Substantiv, n[Bearbeiten]

Singular Plural
Nominativ das Gliedteil die Gliedteile
Genitiv des Gliedteils der Gliedteile
Dativ dem Gliedteil den Gliedteilen
Akkusativ das Gliedteil die Gliedteile

Worttrennung:

Glied·teil, Plural: Glied·tei·le

Aussprache:

IPA: [ˈɡliːttaɪ̯l]
Hörbeispiele: Lautsprecherbild Gliedteil (Info)

Bedeutungen:

[1] Linguistik, speziell Syntax: ein weglassbarer Teil eines Satzgliedes

Abkürzungen:

[1] „Gliedteil“ ist eine Abkürzung für Satzgliedteil

Herkunft:

[1] Determinativkompositum aus Glied und Teil

Oberbegriffe:

[1] Satz, Syntagma, Syntax, Grammatik

Unterbegriffe:

[1] Apposition, Attribut

Beispiele:

[1] In dem Satzglied: "Das Haus meines Vaters" ist "meines Vaters" ein Gliedteil. "Das Haus meines Vaters" ist insgesamt ein Satzglied (ein nominales Satzglied) und "meines Vaters" das Genitiv-Attribut dazu.
[1] Gliedteile in nominalen Satzgliedern haben die grammatische Funktion Attribut oder Apposition.
[1] „Gliedteile sind Konstituenten von Satzgliedern, und zwar mit syntaktischen Funktionen von Wortgruppen, auch wenn diese Funktionen durch einzelne Wörter wahrgenommen werden können.“[1]

Wortbildungen:

Gliedteilsatz

Übersetzungen[Bearbeiten]

Referenzen und weiterführende Informationen:
[?] Digitales Wörterbuch der deutschen Sprache „Gliedteil
[1] Hadumod Bußmann: Lexikon der Sprachwissenschaft. 3., aktualisierte und erweiterte Auflage.

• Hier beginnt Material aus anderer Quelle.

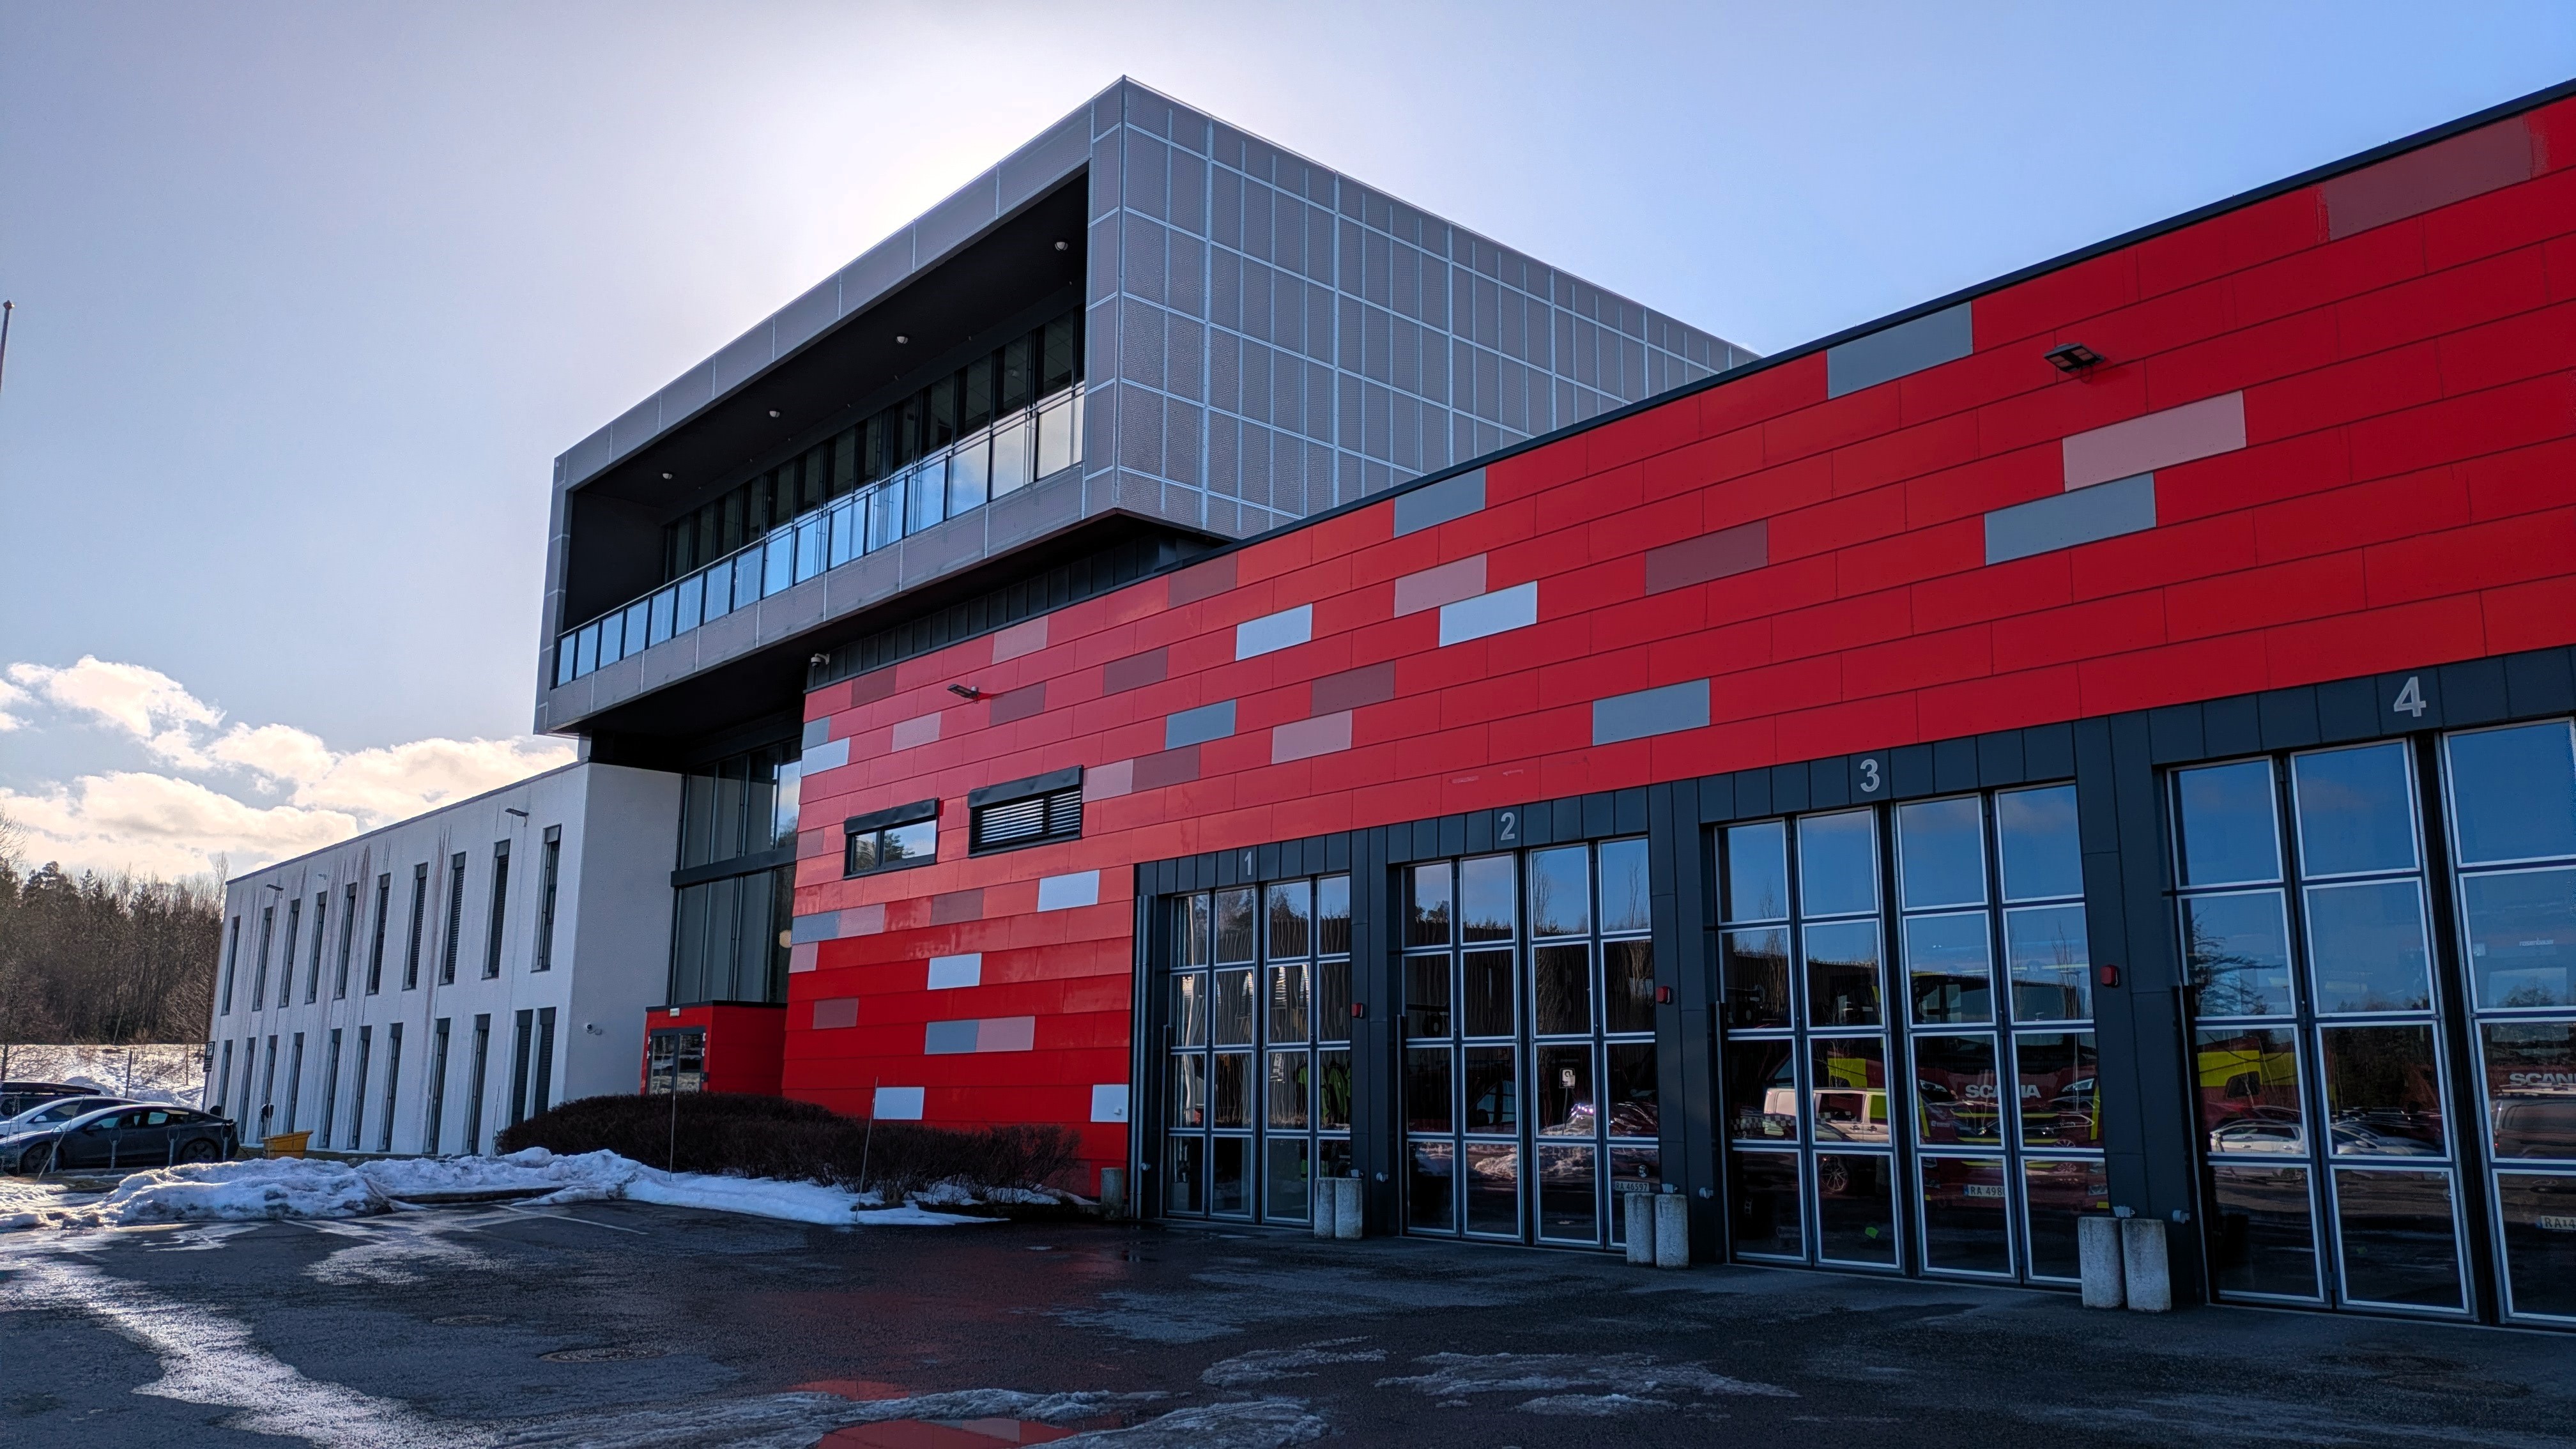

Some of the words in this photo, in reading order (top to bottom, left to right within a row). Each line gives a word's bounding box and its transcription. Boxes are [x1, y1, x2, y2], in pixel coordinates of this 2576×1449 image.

[2393, 676, 2426, 717] 4
[1860, 758, 1880, 792] 3
[1500, 811, 1515, 841] 2
[1244, 851, 1252, 876] 1
[1626, 1183, 1648, 1191] 46597
[1970, 1186, 1982, 1195] RA
[2544, 1217, 2562, 1229] RA

Kröner, Stuttgart 2002. Stichwort: „Gliedteil“. ISBN 3-520-45203-0.
[1] Helmut Glück (Hrsg.), unter Mitarbeit von Friederike Schmöe: Metzler Lexikon Sprache. Dritte, neubearbeitete Auflage, Stichwort: „Gliedteil“. Metzler, Stuttgart/ Weimar 2005. ISBN 978-3-476-02056-7.

Quellen:

  1. Walter Flämig: Grammatik des Deutschen. Einführung in Struktur- und Wirkungszusammenhänge. Akademie, Berlin 1991, Seite 329. ISBN 3-05-000686-2. Gliedteile im Original fett gedruckt.